Stored data entries
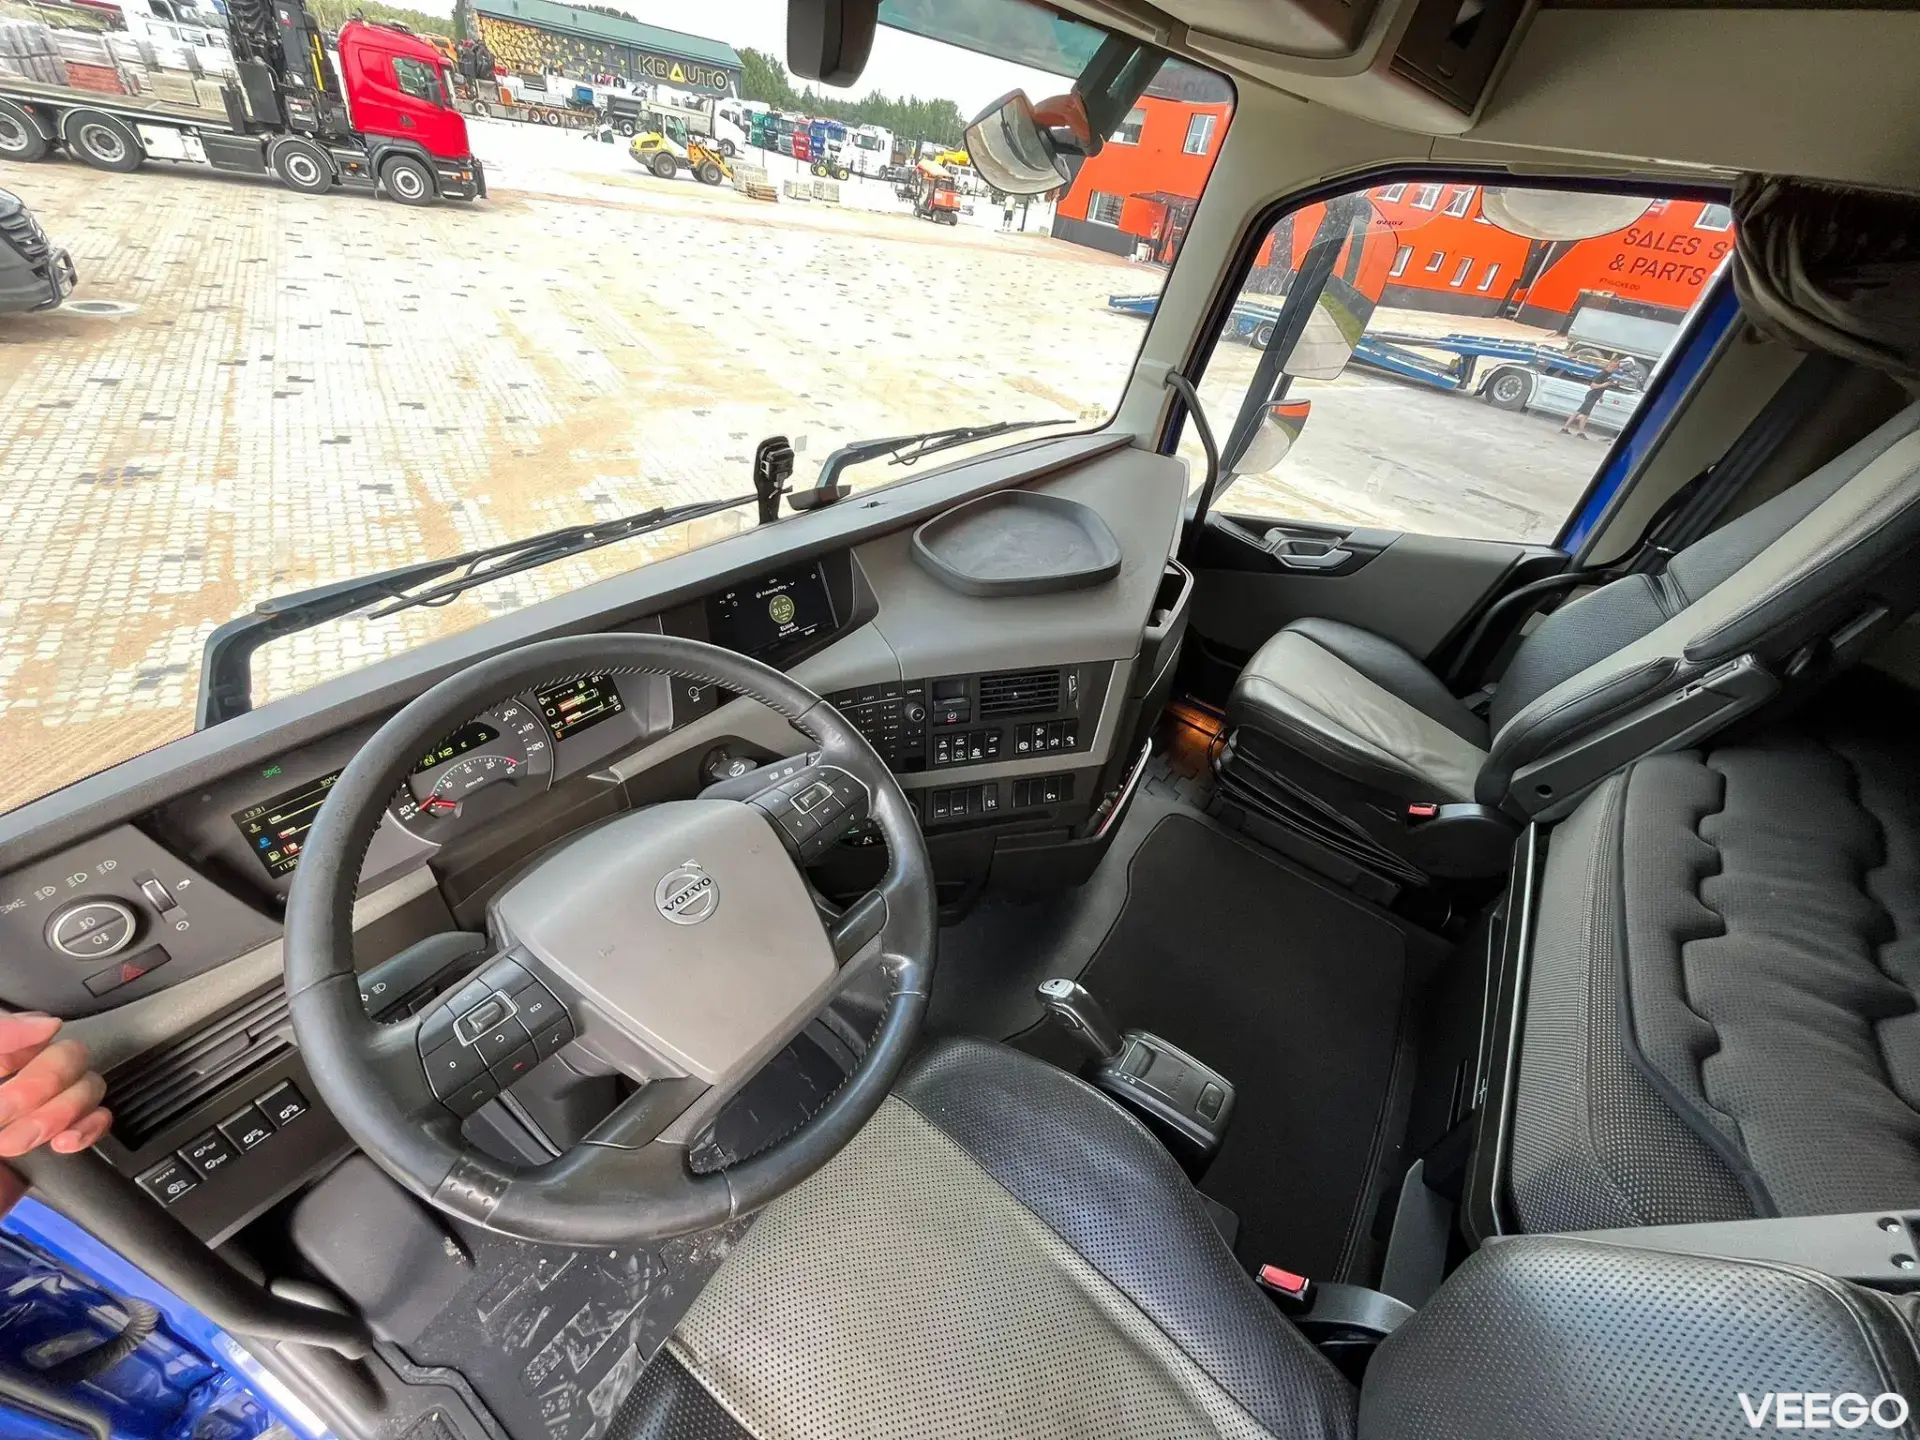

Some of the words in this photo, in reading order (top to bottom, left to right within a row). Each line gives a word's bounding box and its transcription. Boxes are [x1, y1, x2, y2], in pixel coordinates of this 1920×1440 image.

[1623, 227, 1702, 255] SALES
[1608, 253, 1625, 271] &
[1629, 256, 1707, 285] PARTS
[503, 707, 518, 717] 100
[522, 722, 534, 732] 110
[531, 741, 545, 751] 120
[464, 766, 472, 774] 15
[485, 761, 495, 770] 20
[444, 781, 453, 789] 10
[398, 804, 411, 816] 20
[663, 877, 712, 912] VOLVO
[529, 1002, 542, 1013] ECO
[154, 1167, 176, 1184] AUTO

Exercise goal
Leave the images out and transcribe the remaining data above word for word.

Solved problem
Some of the words in this photo, in reading order (top to bottom, left to right within a row). Each line gives a word's bounding box and its transcription. Boxes are [x1, y1, x2, y2], in pixel coordinates of this 1920×1440 image.

[1623, 227, 1702, 255] SALES
[1608, 253, 1625, 271] &
[1629, 256, 1707, 285] PARTS
[503, 707, 518, 717] 100
[522, 722, 534, 732] 110
[531, 741, 545, 751] 120
[464, 766, 472, 774] 15
[485, 761, 495, 770] 20
[444, 781, 453, 789] 10
[398, 804, 411, 816] 20
[663, 877, 712, 912] VOLVO
[529, 1002, 542, 1013] ECO
[154, 1167, 176, 1184] AUTO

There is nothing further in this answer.